Every line of the data below should be repeated exactly, and no picture should be copied.

§ **Exercise data**:
=-=-=-=-=

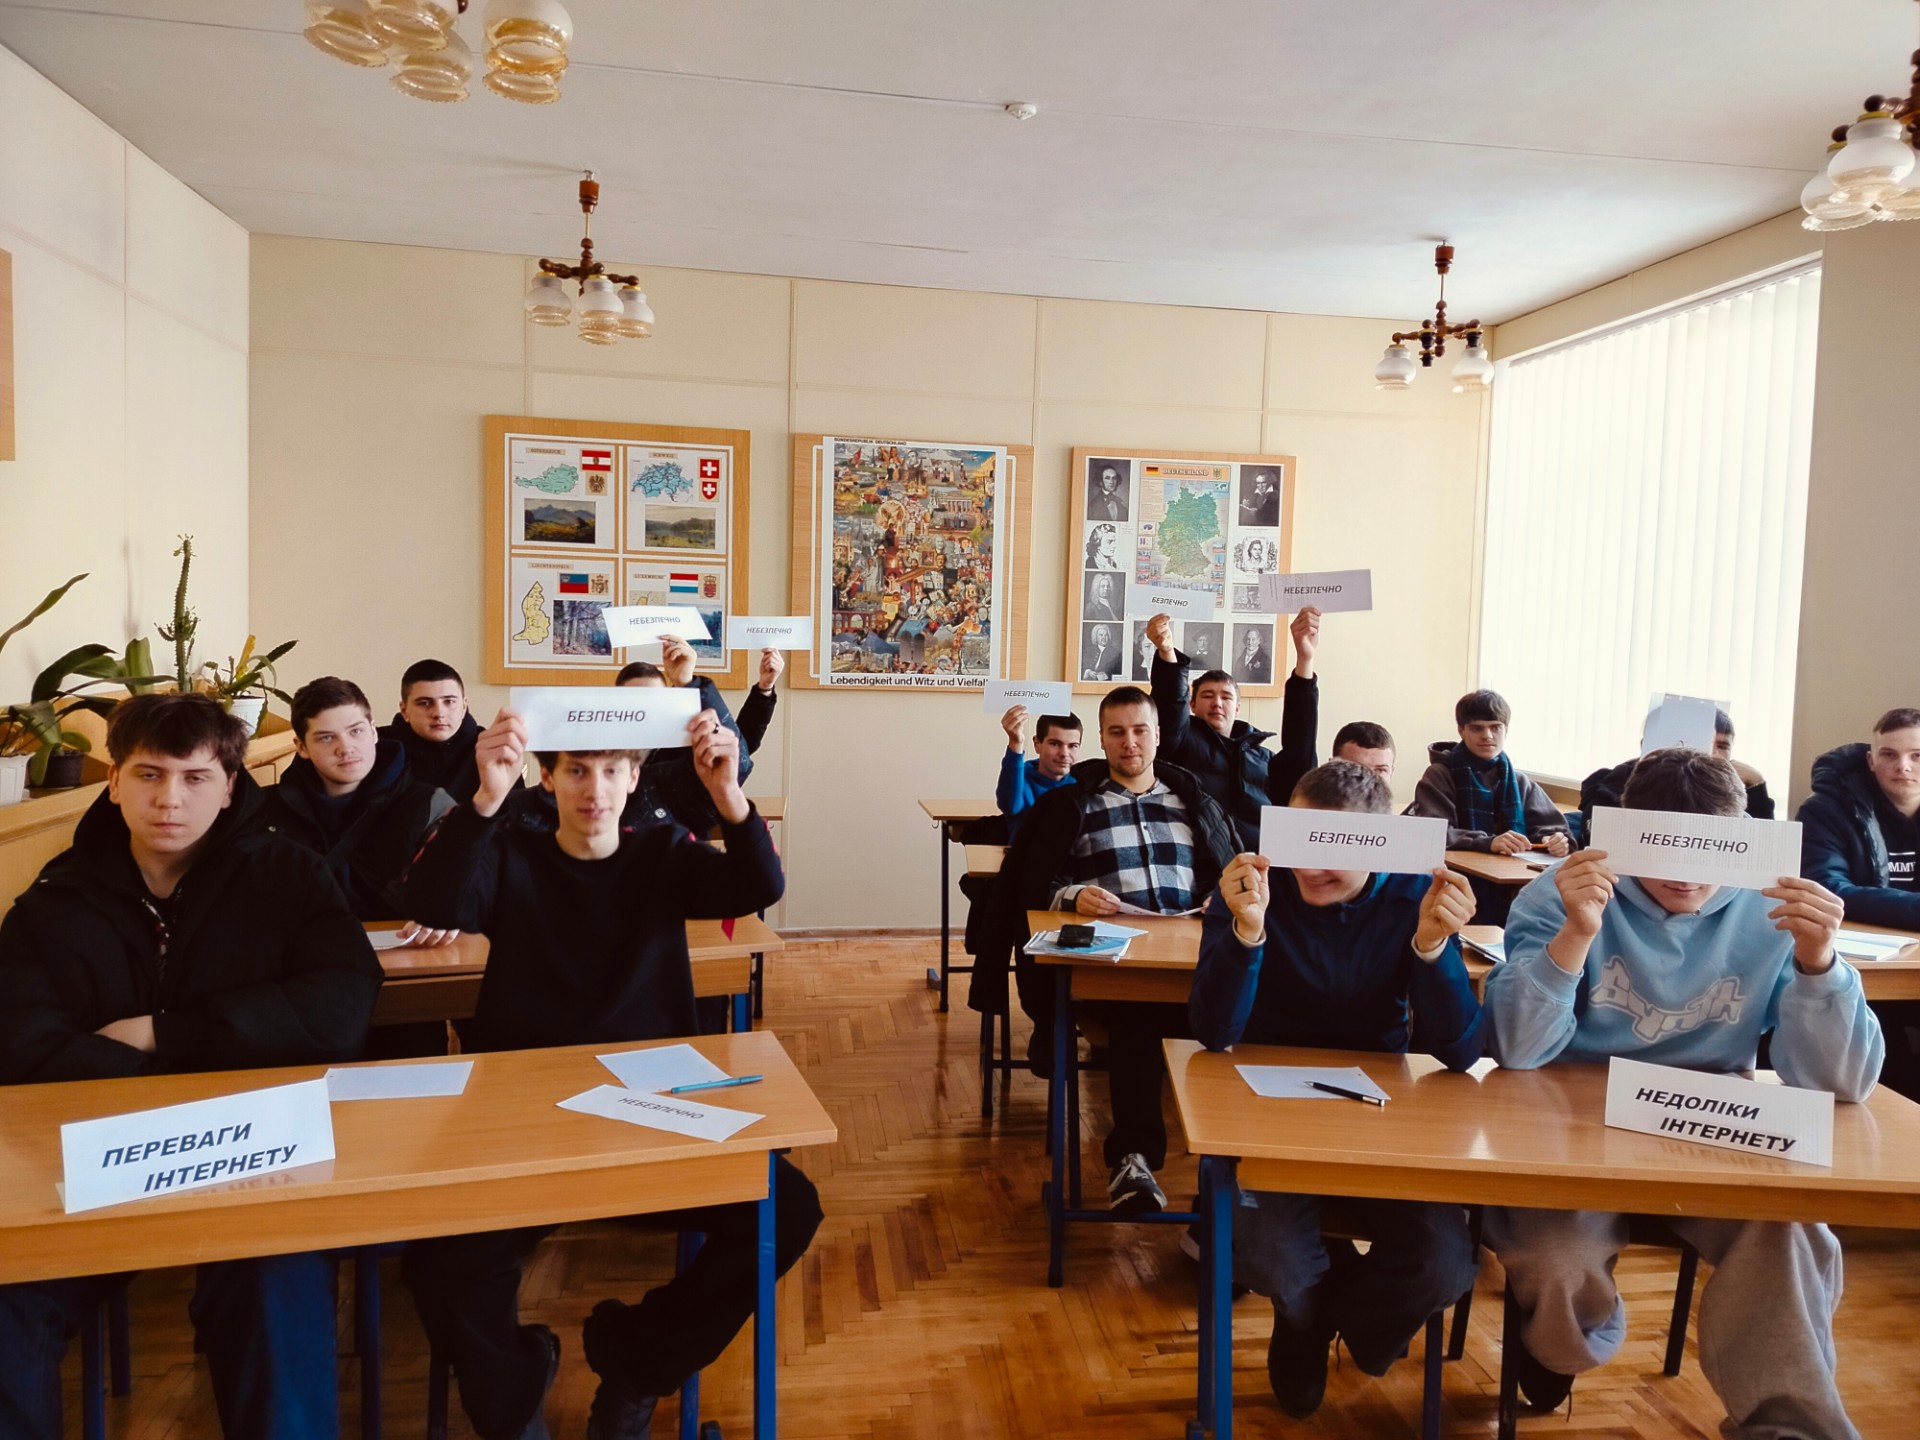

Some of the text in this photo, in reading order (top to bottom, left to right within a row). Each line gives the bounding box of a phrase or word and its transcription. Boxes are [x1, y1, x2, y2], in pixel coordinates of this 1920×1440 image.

[1162, 468, 1209, 476] DEUTSCHLAND
[1284, 584, 1342, 595] НЕБЕЗПЕЧНО
[1151, 596, 1188, 607] БЕЗПЕЧНО
[629, 616, 681, 626] НЕБЕЗПЕЧНО
[746, 627, 793, 635] НЕБЕЗПЕЧНО
[830, 676, 989, 687] Lebendigkeit und Witz und Vielfal
[1004, 690, 1050, 699] НЕБЕЗПЕЧНО
[567, 710, 646, 723] БЕЗПЕЧНО
[1308, 831, 1387, 847] БЕЗПЕЧНО
[1639, 832, 1749, 854] НЕБЕЗПЕЧНО
[617, 1097, 705, 1119] НЕБЕЗПЕЧНО
[1635, 1087, 1761, 1121] НЕДОЛІКИ
[1659, 1116, 1797, 1153] ІНТЕРНЕТУ
[101, 1122, 253, 1168] ПЕРЕВАГИ
[143, 1144, 298, 1192] ІНТЕРНЕТУ
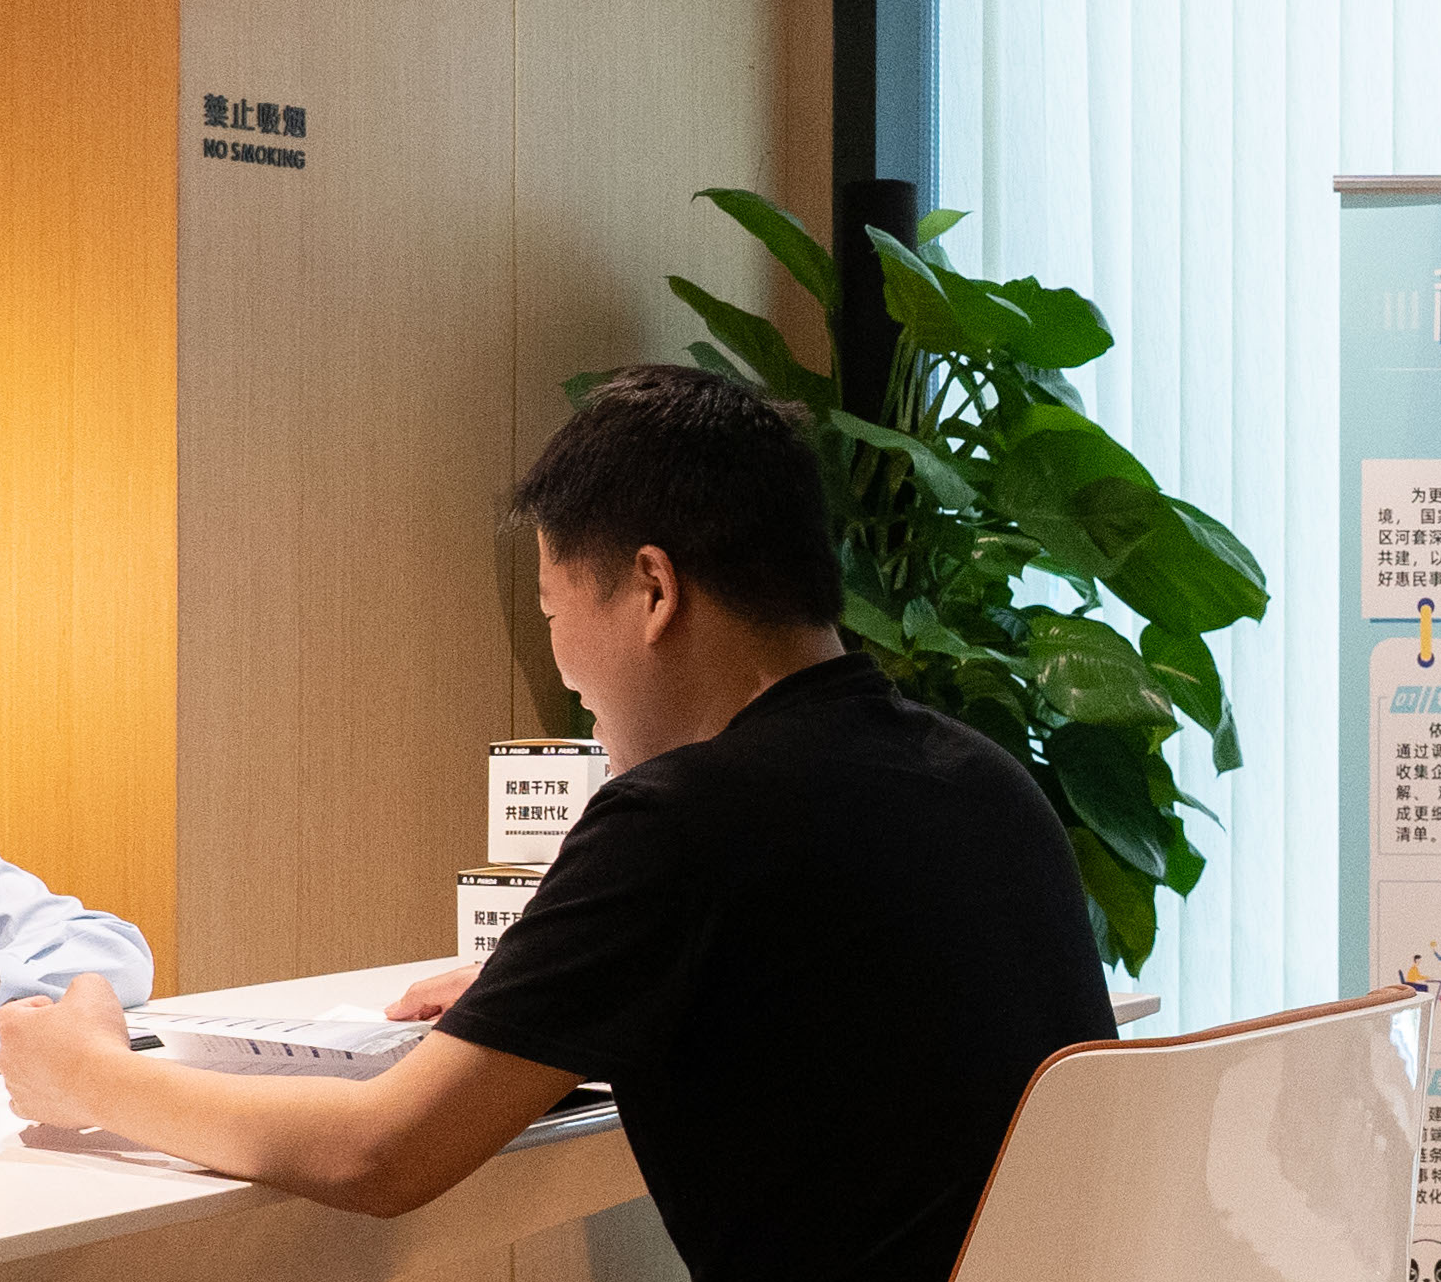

=-=-=-=-=

§ **Expected answer**:
Some of the text in this photo, in reading order (top to bottom, left to right within a row). Each line gives the bounding box of a phrase or word and its transcription. Boxes are [x1, y1, x2, y2], in pixel coordinates of this 1920×1440 image.

[1162, 468, 1209, 476] DEUTSCHLAND
[1284, 584, 1342, 595] НЕБЕЗПЕЧНО
[1151, 596, 1188, 607] БЕЗПЕЧНО
[629, 616, 681, 626] НЕБЕЗПЕЧНО
[746, 627, 793, 635] НЕБЕЗПЕЧНО
[830, 676, 989, 687] Lebendigkeit und Witz und Vielfal
[1004, 690, 1050, 699] НЕБЕЗПЕЧНО
[567, 710, 646, 723] БЕЗПЕЧНО
[1308, 831, 1387, 847] БЕЗПЕЧНО
[1639, 832, 1749, 854] НЕБЕЗПЕЧНО
[617, 1097, 705, 1119] НЕБЕЗПЕЧНО
[1635, 1087, 1761, 1121] НЕДОЛІКИ
[1659, 1116, 1797, 1153] ІНТЕРНЕТУ
[101, 1122, 253, 1168] ПЕРЕВАГИ
[143, 1144, 298, 1192] ІНТЕРНЕТУ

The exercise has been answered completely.